What is required: Once the data has been read, restate all of it exactly.

Data for this exercise:

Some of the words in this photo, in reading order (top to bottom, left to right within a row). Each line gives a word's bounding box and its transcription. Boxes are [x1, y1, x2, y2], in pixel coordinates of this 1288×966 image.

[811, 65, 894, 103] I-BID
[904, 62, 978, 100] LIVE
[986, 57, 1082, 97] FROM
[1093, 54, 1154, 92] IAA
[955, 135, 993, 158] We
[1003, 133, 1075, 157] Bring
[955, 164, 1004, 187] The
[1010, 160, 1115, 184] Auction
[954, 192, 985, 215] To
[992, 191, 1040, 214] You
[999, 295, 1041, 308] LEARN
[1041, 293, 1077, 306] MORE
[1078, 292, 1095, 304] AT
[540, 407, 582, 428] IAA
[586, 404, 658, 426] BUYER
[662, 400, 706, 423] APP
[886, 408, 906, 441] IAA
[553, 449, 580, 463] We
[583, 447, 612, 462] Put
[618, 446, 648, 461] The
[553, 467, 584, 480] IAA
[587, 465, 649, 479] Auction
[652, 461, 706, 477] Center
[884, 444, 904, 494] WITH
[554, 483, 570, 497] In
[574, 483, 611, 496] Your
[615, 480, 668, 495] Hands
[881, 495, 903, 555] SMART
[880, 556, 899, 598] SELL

Output for this task:
Some of the words in this photo, in reading order (top to bottom, left to right within a row). Each line gives a word's bounding box and its transcription. Boxes are [x1, y1, x2, y2], in pixel coordinates of this 1288×966 image.

[811, 65, 894, 103] I-BID
[904, 62, 978, 100] LIVE
[986, 57, 1082, 97] FROM
[1093, 54, 1154, 92] IAA
[955, 135, 993, 158] We
[1003, 133, 1075, 157] Bring
[955, 164, 1004, 187] The
[1010, 160, 1115, 184] Auction
[954, 192, 985, 215] To
[992, 191, 1040, 214] You
[999, 295, 1041, 308] LEARN
[1041, 293, 1077, 306] MORE
[1078, 292, 1095, 304] AT
[540, 407, 582, 428] IAA
[586, 404, 658, 426] BUYER
[662, 400, 706, 423] APP
[886, 408, 906, 441] IAA
[553, 449, 580, 463] We
[583, 447, 612, 462] Put
[618, 446, 648, 461] The
[553, 467, 584, 480] IAA
[587, 465, 649, 479] Auction
[652, 461, 706, 477] Center
[884, 444, 904, 494] WITH
[554, 483, 570, 497] In
[574, 483, 611, 496] Your
[615, 480, 668, 495] Hands
[881, 495, 903, 555] SMART
[880, 556, 899, 598] SELL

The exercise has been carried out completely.